В комнату заглянула Надежда.
— Пора Климу спину смазывать... Можно прервать ваш разговор на минуту?
— Да мы уже закончили, Надежда, можешь смазывать. Кстати, должен признаться, что гадание твое оказалось верным, однако труднопостижимы — мы его поняли, только когда оно сбылось, а до того Филипп два раза ошибался — очень уж похоже все выглядело.
Надежда улыбнулась.
— Гаданье — это как предупреждение и полезно, лишь когда удается правильно его истолковать. Перед пропажей Селивановых и этого пленника, что в старой бане сидел, я нагадала Климу и сыновьям большую потерю из-за слишком долгого сна в грозу.
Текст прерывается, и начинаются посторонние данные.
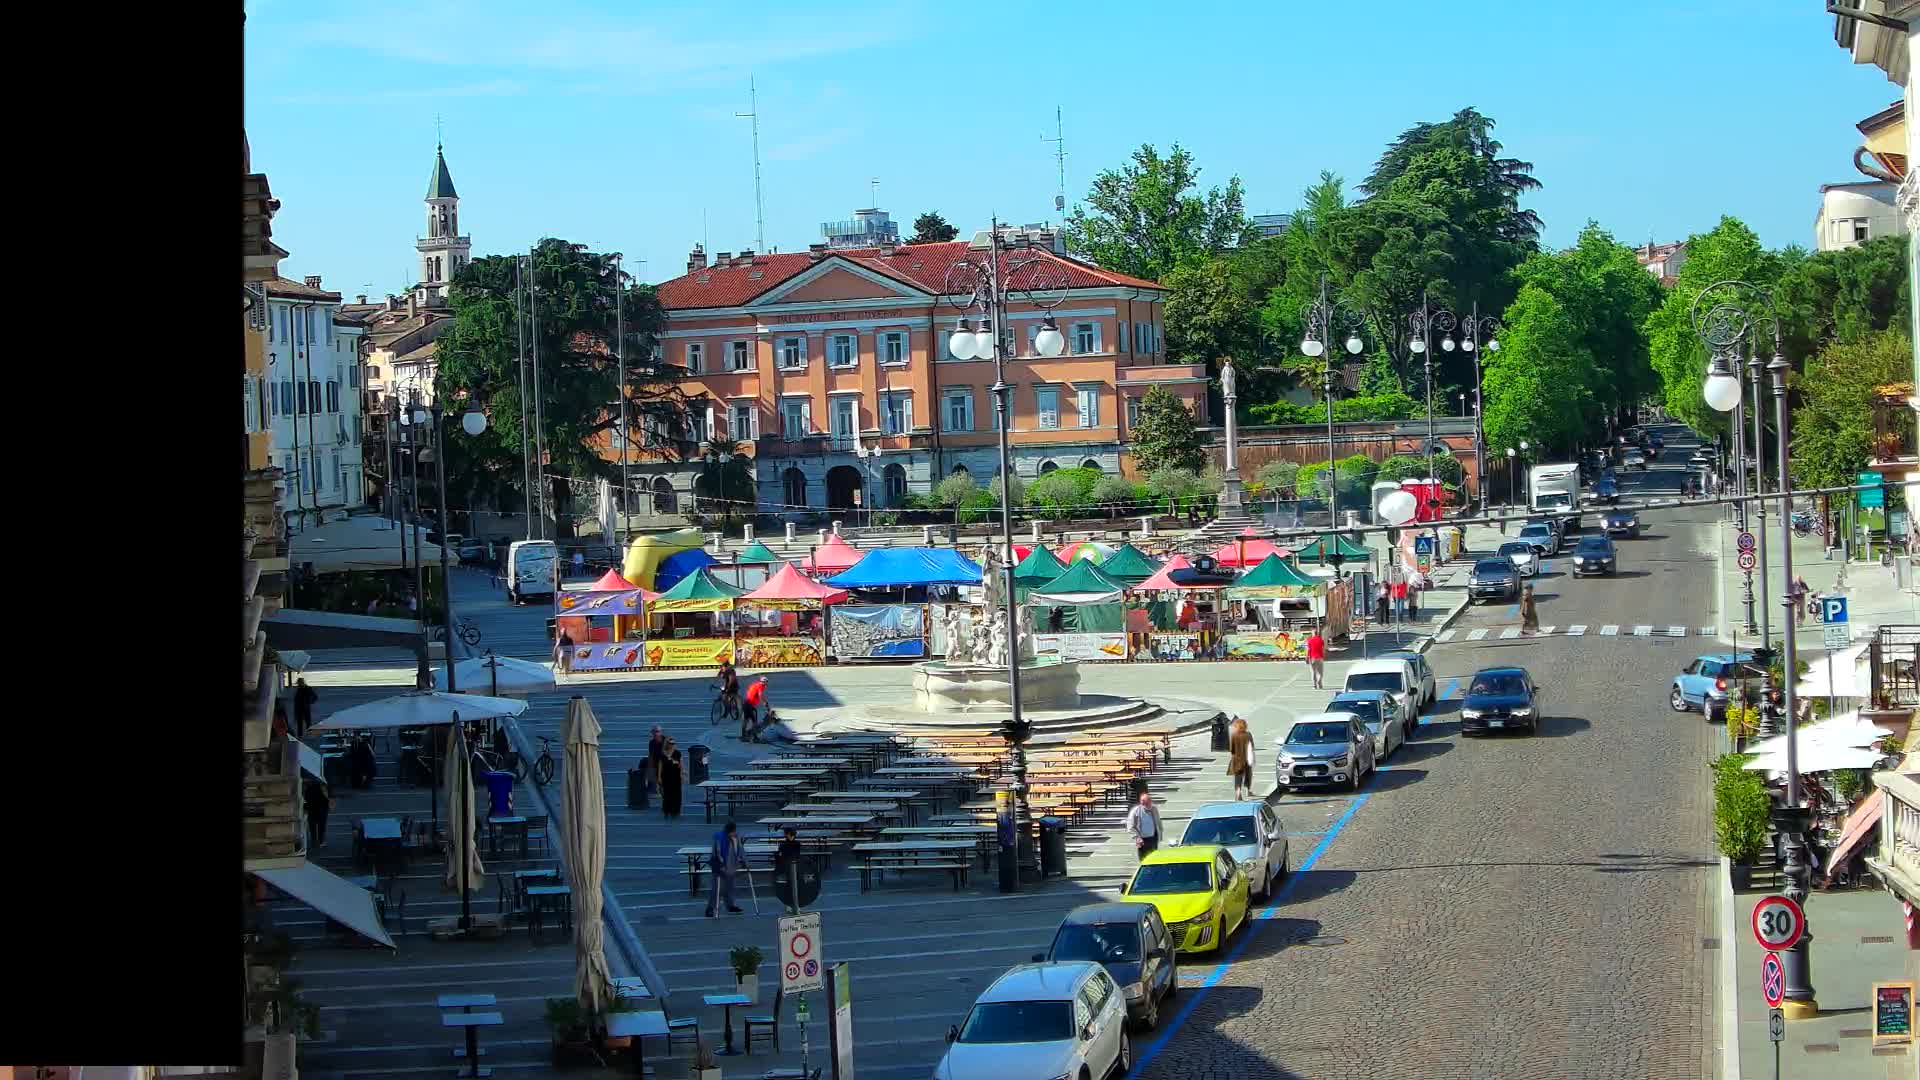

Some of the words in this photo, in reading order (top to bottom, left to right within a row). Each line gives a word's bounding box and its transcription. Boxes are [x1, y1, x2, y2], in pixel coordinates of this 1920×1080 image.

[1741, 556, 1753, 565] 20
[1827, 601, 1842, 620] P
[1762, 910, 1791, 936] 30
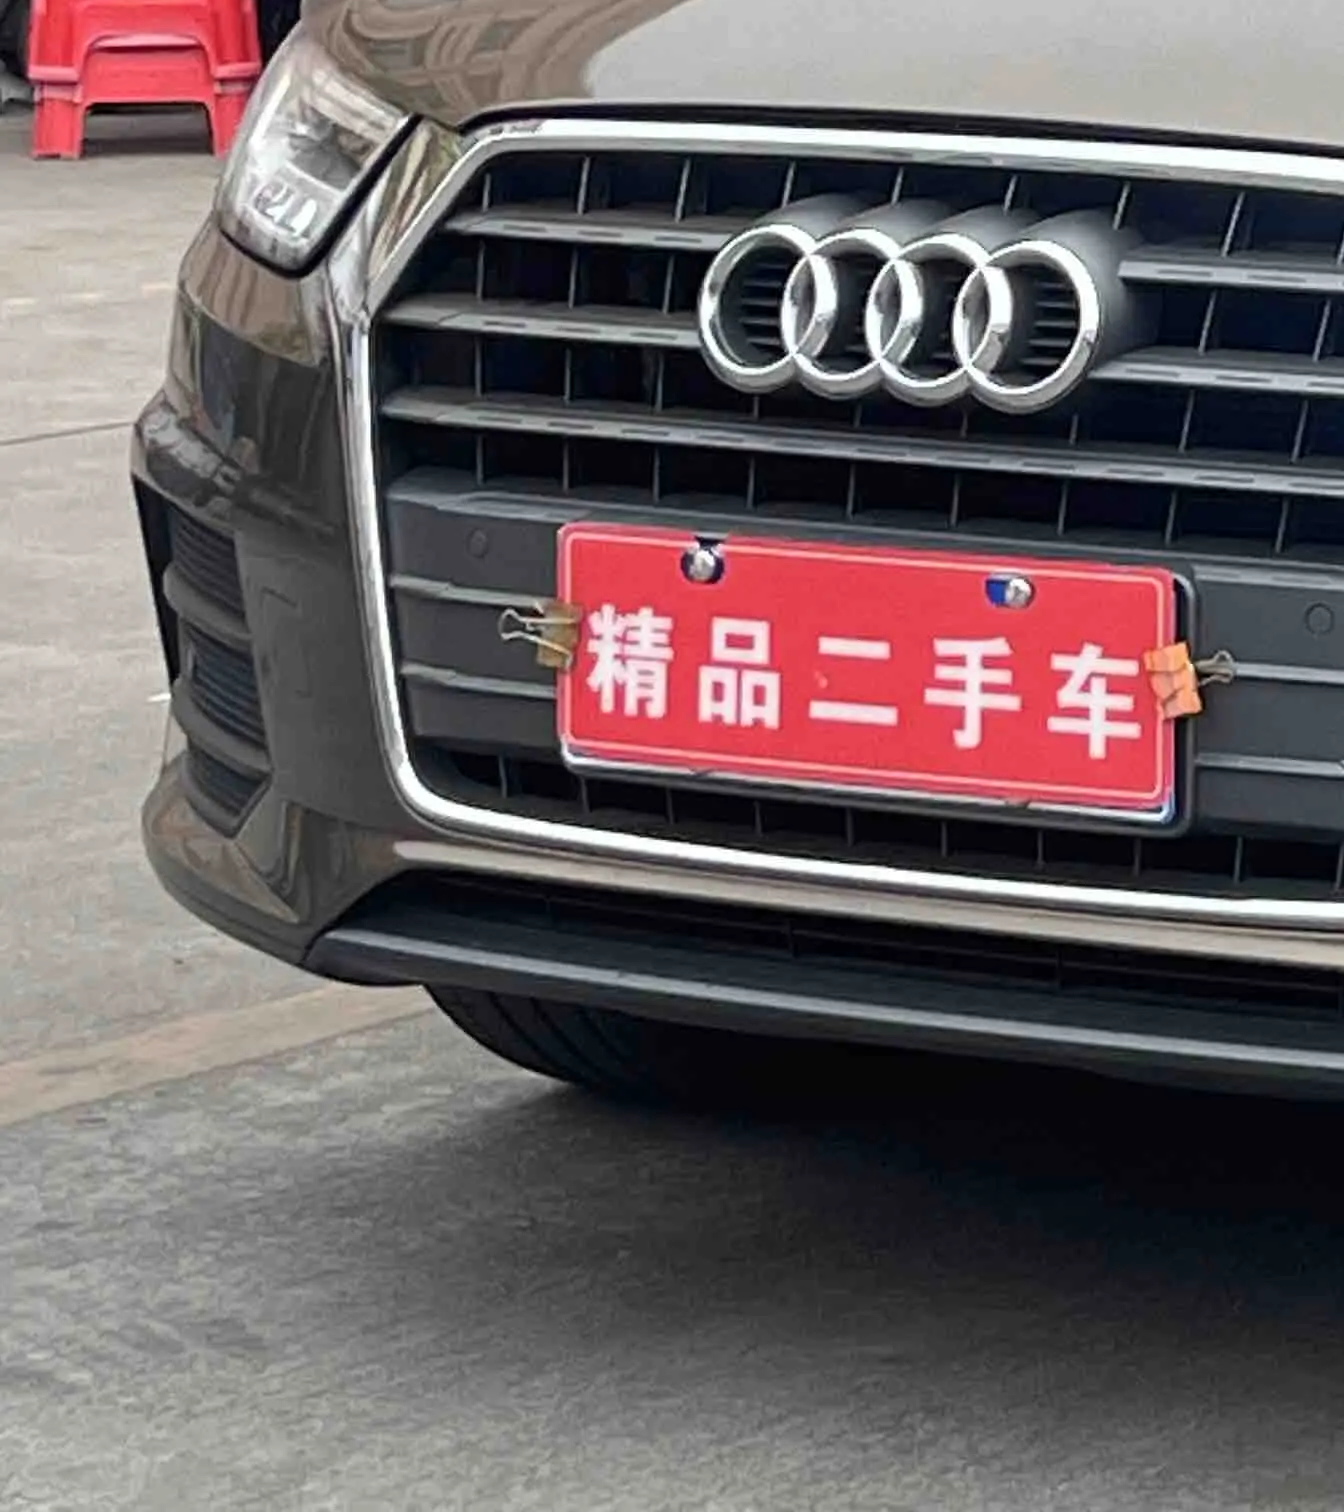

Но на этот раз они истолковали мое гаданье шутливо, решив, что, должно быть, заснут с утра до самого вечера, выпив браги, в свободное от ночной охраны время, да и потеряют Ульянин ужин, который она обещала в этот день особо вкусно состряпать. Они браги не пили, проснулись вовремя, как раз к ужину, а свое последнее угощенье Ульяна действительно приготовила очень вкусно, особенно всем понравился сладкий компот из облепихи...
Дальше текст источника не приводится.